---
title: "How to use AI for architecture documentation without inventing your system"
slug: "ai-architecture-documentation-without-hallucination"
primary_keyword: "AI architecture documentation accuracy"
search_intent: "risk-aware implementation guide"
meta_description: "A review-first workflow for using AI to detect documentation drift and draft diagrams without treating generated output as truth."
excerpt: "AI is most useful as a collector, drafter, and reviewer; humans must verify architecture claims against code, tests, configs, and accepted decisions."
suggested_internal_links: "/how-it-works, /blog/troubleshooting-mermaid-diagrams-slack"
hero_image_brief: "An AI-generated diagram passing through evidence checks from code, tests, and human review."
cta: "Use Arialine to make AI-generated Mermaid reviewable as versions in the Slack thread where system owners can correct it."
quality_score: "90/100"
article_number: 37
author: "Andrii"
published_at: "2026-07-15T00:00:00.000Z"
reading_time: "2 min read"
---

AI can produce architecture documentation quickly because it recognizes common patterns and writes Mermaid well. That same fluency makes unsupported output look convincing.

> **Direct answer:** Give AI bounded evidence, ask it to separate observations from inferences, require citations to files or messages, and review the diagram relationship by relationship. Use AI to identify possible drift and draft updates, not to declare the architecture correct. Accepted output should become a version only after a knowledgeable owner verifies it.

## Start with a focused question

"Document the whole system" creates a context problem and encourages generic filler. Ask for a bounded artifact: the checkout request flow, event ownership for one domain, or the deployment path of a service.

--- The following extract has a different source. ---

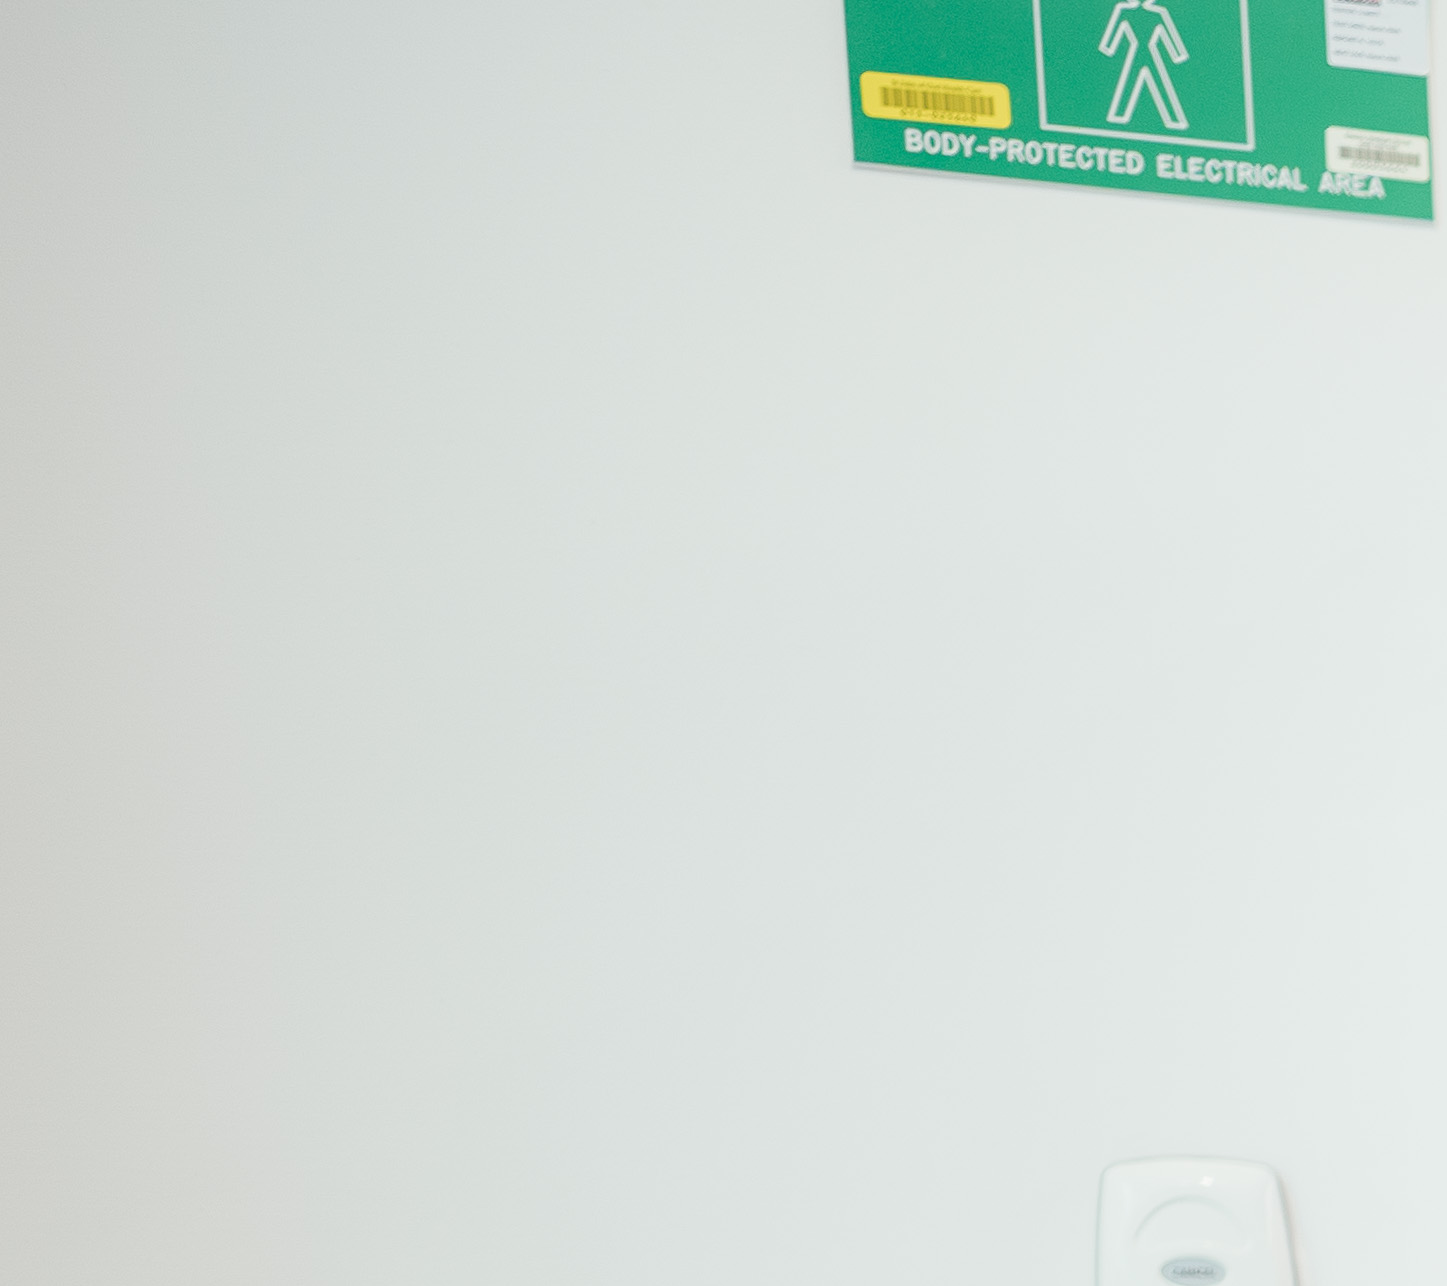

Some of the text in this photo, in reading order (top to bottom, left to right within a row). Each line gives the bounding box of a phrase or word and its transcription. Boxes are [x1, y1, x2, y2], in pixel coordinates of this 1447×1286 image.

Specify the intended audience and level of detail.

## Provide evidence, not only a repository

Useful inputs include:

- README and architecture files;
- service manifests and infrastructure definitions;
- API schemas;
- relevant tests;
- recent pull requests or tickets;
- accepted Slack decisions;
- ownership metadata;
- existing diagrams marked current or historical.

Tell the model which sources are authoritative and which may be stale.

## Require an evidence table

Before drawing, ask the model to list each component and relationship with its supporting source. Mark unsupported assumptions explicitly.

A useful output format is: claim, evidence, confidence, open question. This exposes gaps before they become polished boxes and arrows.

## Separate detection from execution

Use one pass to identify likely documentation gaps. Review and approve the tasks. Use a second focused pass to update one artifact. This is safer than allowing an agent to rewrite a documentation set autonomously.

Small tasks also reduce context loss and make review practical.

## Verify the render, not just the source

Mermaid syntax may be correct while the layout is misleading. Check arrow direction, grouping, labels, boundaries, and omitted failure paths. Compare the diagram against actual behavior and system-owner knowledge.

## Preserve uncertainty

If evidence conflicts, do not let the model choose silently. Record the disagreement and ask an owner. Architecture documentation should not create false certainty.

## Where Arialine fits

Arialine uses AI to generate and revise diagrams, while its Slack workflow makes review visible. The product explicitly warns that AI output can be inaccurate. Version history and source-message links give reviewers a place to correct mistakes without losing the earlier draft.

## FAQ

### Can AI generate architecture directly from code?

It can infer structure, but code may not reveal intent, external agreements, runtime configuration, or operational reality. Treat the result as a draft.

### Should AI write ADRs?

It can draft them from accepted decisions, but a human must verify the decision, alternatives, and consequences.

### What is the strongest use of AI here?

Finding potential drift, translating verified descriptions into Mermaid, and reducing repetitive editing while keeping humans in control.